(Dataset items)
________________________

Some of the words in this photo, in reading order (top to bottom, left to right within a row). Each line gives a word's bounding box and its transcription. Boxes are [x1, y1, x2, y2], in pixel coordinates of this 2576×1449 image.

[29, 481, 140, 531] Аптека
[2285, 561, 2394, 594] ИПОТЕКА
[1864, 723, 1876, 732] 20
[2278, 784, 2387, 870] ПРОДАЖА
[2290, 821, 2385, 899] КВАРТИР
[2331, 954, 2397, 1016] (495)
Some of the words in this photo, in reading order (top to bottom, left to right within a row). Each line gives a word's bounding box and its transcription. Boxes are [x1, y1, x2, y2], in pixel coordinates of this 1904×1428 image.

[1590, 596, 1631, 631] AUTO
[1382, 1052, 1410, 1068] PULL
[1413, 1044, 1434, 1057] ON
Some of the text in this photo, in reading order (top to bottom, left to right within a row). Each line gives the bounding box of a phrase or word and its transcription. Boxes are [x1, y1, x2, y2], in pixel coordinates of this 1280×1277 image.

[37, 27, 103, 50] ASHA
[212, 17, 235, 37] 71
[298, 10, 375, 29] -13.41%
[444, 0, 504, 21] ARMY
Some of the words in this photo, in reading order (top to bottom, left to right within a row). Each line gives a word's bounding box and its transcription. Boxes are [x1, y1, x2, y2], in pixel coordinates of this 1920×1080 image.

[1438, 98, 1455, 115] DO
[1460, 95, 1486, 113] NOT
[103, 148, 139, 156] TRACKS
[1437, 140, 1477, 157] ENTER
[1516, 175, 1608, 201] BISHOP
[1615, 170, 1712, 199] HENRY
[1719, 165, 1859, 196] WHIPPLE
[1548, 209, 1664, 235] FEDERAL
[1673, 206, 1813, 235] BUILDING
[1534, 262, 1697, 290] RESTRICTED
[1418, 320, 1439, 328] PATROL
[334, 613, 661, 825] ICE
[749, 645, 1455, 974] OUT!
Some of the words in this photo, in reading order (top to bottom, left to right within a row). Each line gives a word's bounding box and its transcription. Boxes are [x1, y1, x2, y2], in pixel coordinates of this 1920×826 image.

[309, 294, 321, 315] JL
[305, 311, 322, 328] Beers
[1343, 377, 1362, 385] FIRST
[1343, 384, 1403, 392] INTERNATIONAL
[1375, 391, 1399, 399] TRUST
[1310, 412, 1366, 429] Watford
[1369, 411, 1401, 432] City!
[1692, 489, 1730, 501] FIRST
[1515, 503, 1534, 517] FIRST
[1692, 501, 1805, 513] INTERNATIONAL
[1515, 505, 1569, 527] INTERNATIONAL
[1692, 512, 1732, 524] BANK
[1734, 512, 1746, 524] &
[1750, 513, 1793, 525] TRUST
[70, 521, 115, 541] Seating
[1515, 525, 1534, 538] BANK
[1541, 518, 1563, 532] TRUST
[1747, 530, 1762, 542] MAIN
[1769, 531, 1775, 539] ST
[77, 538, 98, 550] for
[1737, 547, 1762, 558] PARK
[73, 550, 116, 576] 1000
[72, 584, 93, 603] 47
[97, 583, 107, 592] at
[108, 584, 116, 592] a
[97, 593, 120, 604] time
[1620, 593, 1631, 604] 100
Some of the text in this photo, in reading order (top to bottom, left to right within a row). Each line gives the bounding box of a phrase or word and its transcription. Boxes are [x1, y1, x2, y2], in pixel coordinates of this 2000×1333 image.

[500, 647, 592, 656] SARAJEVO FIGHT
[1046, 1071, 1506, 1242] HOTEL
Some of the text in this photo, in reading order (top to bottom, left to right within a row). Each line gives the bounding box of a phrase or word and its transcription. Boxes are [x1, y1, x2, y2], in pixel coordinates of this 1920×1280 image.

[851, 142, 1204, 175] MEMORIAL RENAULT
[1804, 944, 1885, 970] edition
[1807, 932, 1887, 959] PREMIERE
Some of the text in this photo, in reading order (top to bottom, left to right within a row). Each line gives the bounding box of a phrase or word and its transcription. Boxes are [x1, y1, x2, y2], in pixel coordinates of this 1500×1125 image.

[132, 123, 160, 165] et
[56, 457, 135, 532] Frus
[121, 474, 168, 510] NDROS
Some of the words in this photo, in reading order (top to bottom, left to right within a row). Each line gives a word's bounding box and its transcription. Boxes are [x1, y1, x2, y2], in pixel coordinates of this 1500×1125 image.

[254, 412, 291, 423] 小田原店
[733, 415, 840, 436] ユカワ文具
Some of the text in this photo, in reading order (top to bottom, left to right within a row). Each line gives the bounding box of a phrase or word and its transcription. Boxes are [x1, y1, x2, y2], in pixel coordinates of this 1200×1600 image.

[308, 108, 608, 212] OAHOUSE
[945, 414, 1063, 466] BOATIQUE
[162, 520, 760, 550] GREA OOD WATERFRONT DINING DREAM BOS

________________________

- _Assignment_: What is needed is an exact transcription of every entry above.

- _Your response_:
Some of the words in this photo, in reading order (top to bottom, left to right within a row). Each line gives a word's bounding box and its transcription. Boxes are [x1, y1, x2, y2], in pixel coordinates of this 2576×1449 image.

[29, 481, 140, 531] Аптека
[2285, 561, 2394, 594] ИПОТЕКА
[1864, 723, 1876, 732] 20
[2278, 784, 2387, 870] ПРОДАЖА
[2290, 821, 2385, 899] КВАРТИР
[2331, 954, 2397, 1016] (495)
Some of the words in this photo, in reading order (top to bottom, left to right within a row). Each line gives a word's bounding box and its transcription. Boxes are [x1, y1, x2, y2], in pixel coordinates of this 1904×1428 image.

[1590, 596, 1631, 631] AUTO
[1382, 1052, 1410, 1068] PULL
[1413, 1044, 1434, 1057] ON
Some of the text in this photo, in reading order (top to bottom, left to right within a row). Each line gives the bounding box of a phrase or word and its transcription. Boxes are [x1, y1, x2, y2], in pixel coordinates of this 1280×1277 image.

[37, 27, 103, 50] ASHA
[212, 17, 235, 37] 71
[298, 10, 375, 29] -13.41%
[444, 0, 504, 21] ARMY
Some of the words in this photo, in reading order (top to bottom, left to right within a row). Each line gives a word's bounding box and its transcription. Boxes are [x1, y1, x2, y2], in pixel coordinates of this 1920×1080 image.

[1438, 98, 1455, 115] DO
[1460, 95, 1486, 113] NOT
[103, 148, 139, 156] TRACKS
[1437, 140, 1477, 157] ENTER
[1516, 175, 1608, 201] BISHOP
[1615, 170, 1712, 199] HENRY
[1719, 165, 1859, 196] WHIPPLE
[1548, 209, 1664, 235] FEDERAL
[1673, 206, 1813, 235] BUILDING
[1534, 262, 1697, 290] RESTRICTED
[1418, 320, 1439, 328] PATROL
[334, 613, 661, 825] ICE
[749, 645, 1455, 974] OUT!
Some of the words in this photo, in reading order (top to bottom, left to right within a row). Each line gives a word's bounding box and its transcription. Boxes are [x1, y1, x2, y2], in pixel coordinates of this 1920×826 image.

[309, 294, 321, 315] JL
[305, 311, 322, 328] Beers
[1343, 377, 1362, 385] FIRST
[1343, 384, 1403, 392] INTERNATIONAL
[1375, 391, 1399, 399] TRUST
[1310, 412, 1366, 429] Watford
[1369, 411, 1401, 432] City!
[1692, 489, 1730, 501] FIRST
[1515, 503, 1534, 517] FIRST
[1692, 501, 1805, 513] INTERNATIONAL
[1515, 505, 1569, 527] INTERNATIONAL
[1692, 512, 1732, 524] BANK
[1734, 512, 1746, 524] &
[1750, 513, 1793, 525] TRUST
[70, 521, 115, 541] Seating
[1515, 525, 1534, 538] BANK
[1541, 518, 1563, 532] TRUST
[1747, 530, 1762, 542] MAIN
[1769, 531, 1775, 539] ST
[77, 538, 98, 550] for
[1737, 547, 1762, 558] PARK
[73, 550, 116, 576] 1000
[72, 584, 93, 603] 47
[97, 583, 107, 592] at
[108, 584, 116, 592] a
[97, 593, 120, 604] time
[1620, 593, 1631, 604] 100
Some of the text in this photo, in reading order (top to bottom, left to right within a row). Each line gives the bounding box of a phrase or word and its transcription. Boxes are [x1, y1, x2, y2], in pixel coordinates of this 2000×1333 image.

[500, 647, 592, 656] SARAJEVO FIGHT
[1046, 1071, 1506, 1242] HOTEL
Some of the text in this photo, in reading order (top to bottom, left to right within a row). Each line gives the bounding box of a phrase or word and its transcription. Boxes are [x1, y1, x2, y2], in pixel coordinates of this 1920×1280 image.

[851, 142, 1204, 175] MEMORIAL RENAULT
[1804, 944, 1885, 970] edition
[1807, 932, 1887, 959] PREMIERE
Some of the text in this photo, in reading order (top to bottom, left to right within a row). Each line gives the bounding box of a phrase or word and its transcription. Boxes are [x1, y1, x2, y2], in pixel coordinates of this 1500×1125 image.

[132, 123, 160, 165] et
[56, 457, 135, 532] Frus
[121, 474, 168, 510] NDROS
Some of the words in this photo, in reading order (top to bottom, left to right within a row). Each line gives a word's bounding box and its transcription. Boxes are [x1, y1, x2, y2], in pixel coordinates of this 1500×1125 image.

[254, 412, 291, 423] 小田原店
[733, 415, 840, 436] ユカワ文具
Some of the text in this photo, in reading order (top to bottom, left to right within a row). Each line gives the bounding box of a phrase or word and its transcription. Boxes are [x1, y1, x2, y2], in pixel coordinates of this 1200×1600 image.

[308, 108, 608, 212] OAHOUSE
[945, 414, 1063, 466] BOATIQUE
[162, 520, 760, 550] GREA OOD WATERFRONT DINING DREAM BOS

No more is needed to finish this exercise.